As debate over the CLARITY Act grows, Eric Trump accuses major banks of blocking crypto yields. He claims banks like JPMorgan, Bank of America, and others are try to blocking high crypto yields, claiming they want to protect bank profits
His comment came after Donald Trump said banks oppose the CLARITY Act because they fear it could reduce their profits.
In a recent post on X, Eric Trump claimed that some of the largest U.S. banks, including JPMorgan Chase, Bank of America, and Wells Fargo, are trying to convince lawmakers to limit crypto platforms from offering high savings yields.
He believes they are using “financial stability” as a reason to protect their dominance over the market.

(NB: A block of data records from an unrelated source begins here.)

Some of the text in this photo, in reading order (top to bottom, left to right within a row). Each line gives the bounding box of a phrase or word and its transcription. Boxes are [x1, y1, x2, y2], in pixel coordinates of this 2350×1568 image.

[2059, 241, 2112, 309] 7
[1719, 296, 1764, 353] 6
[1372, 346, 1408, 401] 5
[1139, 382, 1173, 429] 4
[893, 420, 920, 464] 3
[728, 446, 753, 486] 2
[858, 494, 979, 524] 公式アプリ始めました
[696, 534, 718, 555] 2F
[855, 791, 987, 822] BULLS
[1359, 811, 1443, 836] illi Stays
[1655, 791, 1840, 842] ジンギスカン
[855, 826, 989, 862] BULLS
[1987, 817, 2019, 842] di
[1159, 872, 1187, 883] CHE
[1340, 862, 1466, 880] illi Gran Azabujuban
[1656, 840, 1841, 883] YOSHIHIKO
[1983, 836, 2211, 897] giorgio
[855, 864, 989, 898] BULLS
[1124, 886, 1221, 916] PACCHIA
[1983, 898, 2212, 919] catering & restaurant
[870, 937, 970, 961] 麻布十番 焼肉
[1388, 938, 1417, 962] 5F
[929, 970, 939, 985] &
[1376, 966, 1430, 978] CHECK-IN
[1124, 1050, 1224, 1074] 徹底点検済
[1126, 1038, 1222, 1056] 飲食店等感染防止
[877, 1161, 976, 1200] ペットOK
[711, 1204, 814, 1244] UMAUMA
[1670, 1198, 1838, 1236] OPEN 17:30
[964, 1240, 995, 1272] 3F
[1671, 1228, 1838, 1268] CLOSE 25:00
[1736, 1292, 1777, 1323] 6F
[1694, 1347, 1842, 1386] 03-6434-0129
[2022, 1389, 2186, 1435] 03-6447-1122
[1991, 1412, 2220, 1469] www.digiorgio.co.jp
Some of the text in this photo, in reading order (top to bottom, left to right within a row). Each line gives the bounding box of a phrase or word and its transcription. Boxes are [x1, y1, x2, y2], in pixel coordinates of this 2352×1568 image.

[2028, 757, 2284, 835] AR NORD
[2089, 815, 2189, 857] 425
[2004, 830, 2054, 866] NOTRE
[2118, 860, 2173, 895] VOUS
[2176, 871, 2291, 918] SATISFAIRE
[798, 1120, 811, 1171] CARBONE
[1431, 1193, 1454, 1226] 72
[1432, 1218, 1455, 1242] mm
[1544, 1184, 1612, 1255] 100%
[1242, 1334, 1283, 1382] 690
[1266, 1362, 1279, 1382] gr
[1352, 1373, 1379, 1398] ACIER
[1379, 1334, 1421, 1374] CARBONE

However, banks disagree with this. Industry groups warn that high stablecoin yields could act like unregulated deposits and pull money away from the banking system, which may weaken lending activity.
Banking groups also say up to $6.6 trillion in deposits could be at risk if interest-paying stablecoins become widely used.
Eric Trump added that banks fear losing 30% to 35% of their deposits if people move their savings to crypto platforms offering higher returns.
At the center of the debate is the large gap between what banks pay customers and what crypto platforms claim they can offer.
Most large banks currently offer savings rates between 0.01% and 0.05%, while several crypto companies say stablecoin programs could deliver yields of 4% to 5% or more.
Eric Trump said banks benefit from this big gap. People earn almost nothing on their savings, while banks can earn around 4% or more from the Federal Reserve. According to him, this creates huge profits for banks but very little return for customers.
Several figures in the digital asset industry have backed clearer crypto rules. Among them are Brad Garlinghouse and Cynthia Lummis, both of whom have expressed support for policies that allow crypto businesses to operate with defined legal frameworks.
Meanwhile, Jerome Powell recently said banks are “well equipped to serve crypto-related clients,” signaling that traditional finance may still play a role in the evolving digital asset economy.
For now, the CLARITY Act remains stalled in the Senate Banking Committee. Perhaps crypto leaders believe that it will pass by mid-2026.
Crypto yields are earnings you can make by lending, staking, or depositing digital assets like stablecoins, often higher than traditional bank interest.
Crypto stablecoin programs can offer 4–5% yields, while most major U.S. banks pay just 0.01–0.05% on savings accounts.
Banks warn high stablecoin yields act like unregulated deposits, potentially pulling $6.6 trillion from banks and weakening lending activity.